Thursday, May 14, 2026

Interview at Cognizant for Lead AI Engineer Role (2024 May 22)

Index For Interviews Preparation
<<< Previously    Next >>>

INTERVIEW INTELLIGENCE REPORT

Lead AI Engineer
Call Reconstruction & Critique

Position: Lead AI Engineer Format: Telephonic Screening Analyst: Claude Sonnet

Organised & Structured Transcript

The raw call recording was fragmented and conversational. Below is the cleaned, logically sequenced account of what the interviewee communicated, grouped by topic.

Topic A

The Anomaly Detection Project — Amex Loyalty Platform

  • Project involved detecting anomalies in credit card transaction data on the American Express loyalty platform.
  • Anomaly categories targeted: unusually large-amount transactions, unusually small-amount transactions, and anomalies by merchant type.
  • Business outcome: the client used these flagged anomalies to generate alerts in their platform and decide whether to block suspicious transactions.
  • New data was provided on a quarterly basis for ongoing inference.
Topic B

Data Engineering & Infrastructure

  • Historical training data spanned approximately one to two years of credit card transactions.
  • Data originated from Amex's mainframe systems.
  • A dedicated data engineering team was responsible for extracting and loading data from mainframes into Hive-based databases.
  • The data science team consumed this data via PySpark, running on a Jupyter-like notebook environment within a platform called Cornerstone (a mixed/managed compute platform).
  • Data was entirely structured (tabular credit card transaction records).
Topic C

Feature Engineering & Modelling Approach

  • Although the raw data had many columns, the team narrowed focus to four to five key features: transaction amount, merchant type, and time (used primarily for visualisation).
  • The problem was framed as unsupervised learning — no ground-truth labels existed.
  • Three model architectures were evaluated:
    1. Isolation Forest
    2. Autoencoder (neural network based)
    3. K-Medians clustering
Topic D

Contamination Factor & Model Validation

  • Because there were no labels, a Gaussian Mixture Model (GMM) was used to estimate the contamination factor — the expected proportion of anomalies in the dataset.
  • Anomaly scores from Isolation Forest and the Autoencoder were plotted in a scatter plot.

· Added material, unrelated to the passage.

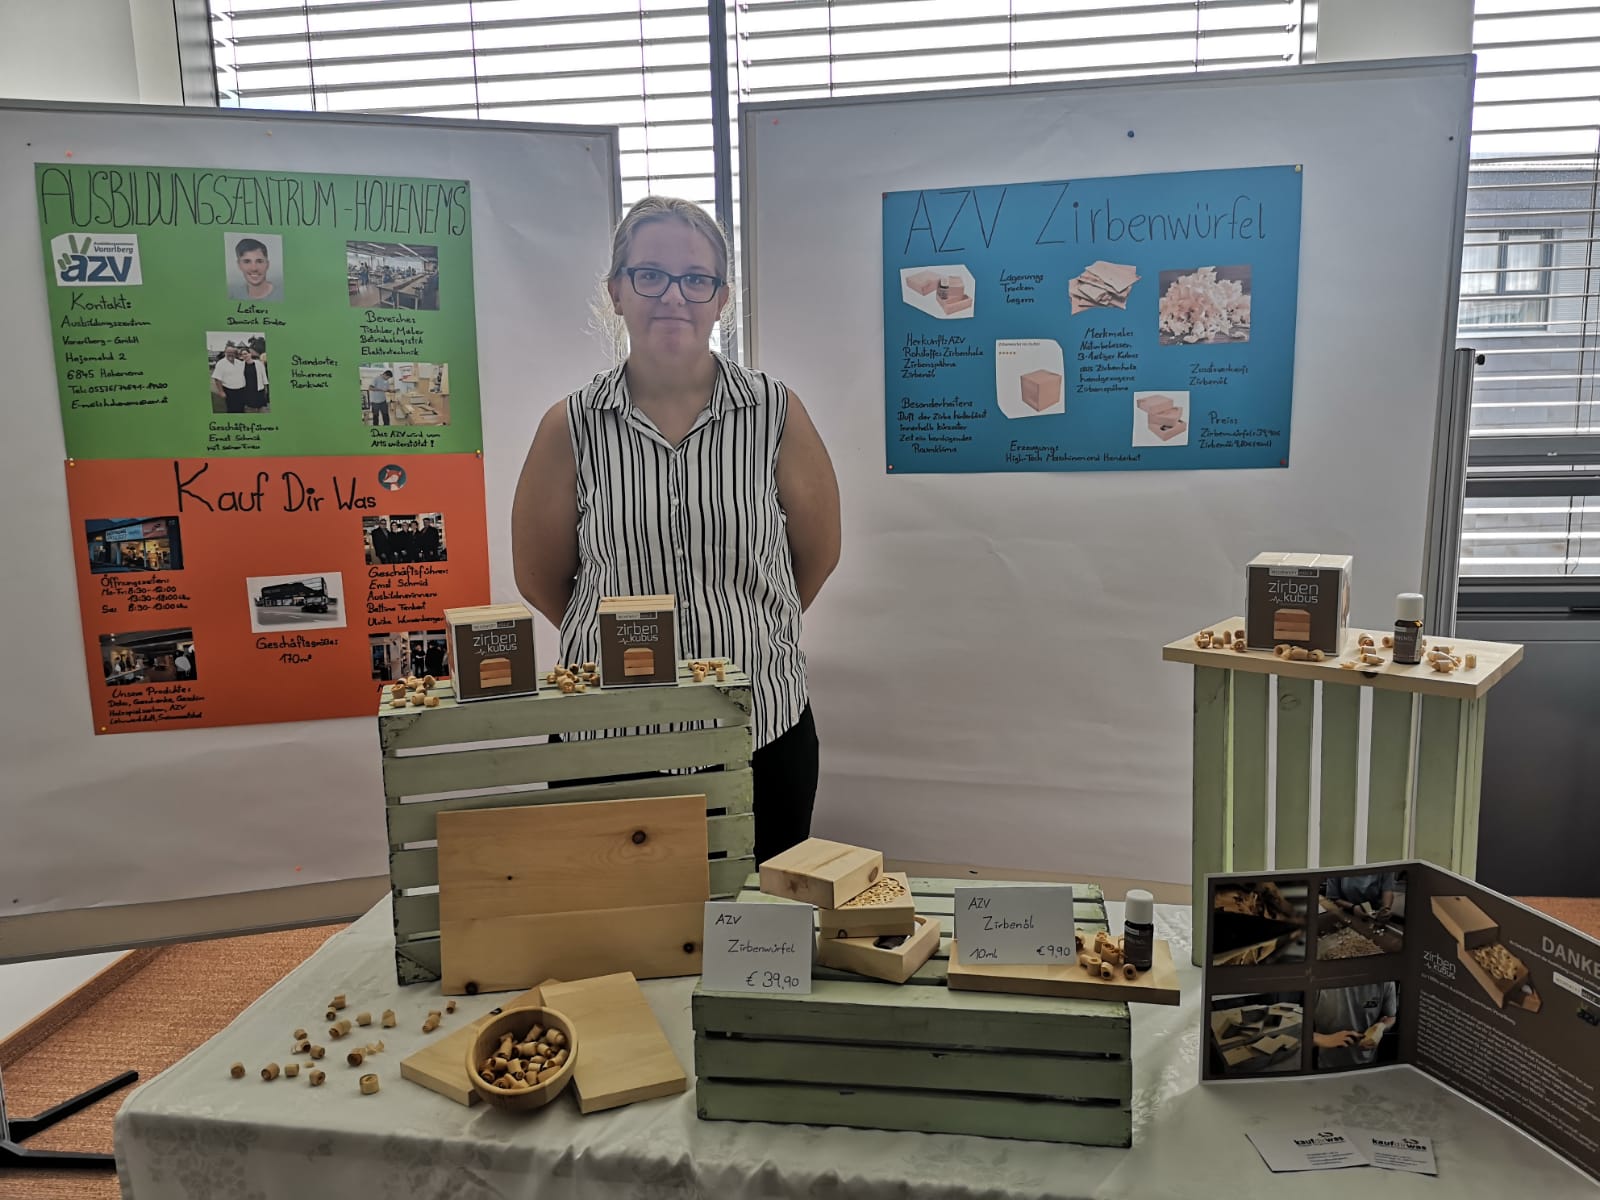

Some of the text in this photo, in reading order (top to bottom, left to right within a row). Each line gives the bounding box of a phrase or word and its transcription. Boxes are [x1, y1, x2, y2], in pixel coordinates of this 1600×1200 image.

Density analysis revealed two regions: a high-density core (normal) and a sparse periphery (anomalous).
  • The sparse cluster's percentage of total points became the contamination factor fed into the final models.
  • A human-in-the-loop existed: the loyalty/transaction team monitored alerts raised by the system, each alert triggering a ticket for review.
  • Precision was reported as above 75–80%, with acknowledged volatility during trend shifts (e.g., Christmas peak spend causing a temporary spike in false positives).
Topic E

Generative AI Experience — Semantic Search POC

  • While on the bench at Cognizant (first two months), developed an internal semantic search POC.
  • Source corpus: issues and Q&A threads scraped from GitHub and Stack Overflow.
  • Questions and answers were converted to vector embeddings and stored in a vector database.
  • At query time, the input was embedded and compared against the stored embeddings using similarity search to retrieve closest matches.
  • Self-characterised as a "POC-level" GenAI engagement — not a production deployment.
Topic F

Location Preferences & HR Discussion

  • Based in Delhi (Inderlok area), commuting to Tikri Sector 48 office; also stays at Sector 79.
  • Family constraints (mother) tie him to Delhi NCR.
  • First preference: Delhi. Acceptable: Gurgaon, Noida. Difficult: Pune, Indore. Not preferred: Bangalore, Chennai.
  • Asked about current HCM (Shivam Shrivastav, from AML CoE) — was told HCM may change on project allocation.

Reconstructed Q&A — Full Dialogue

The interviewer's questions have been inferred from context and the interviewee's responses. Each exchange is presented as a coherent dialogue unit.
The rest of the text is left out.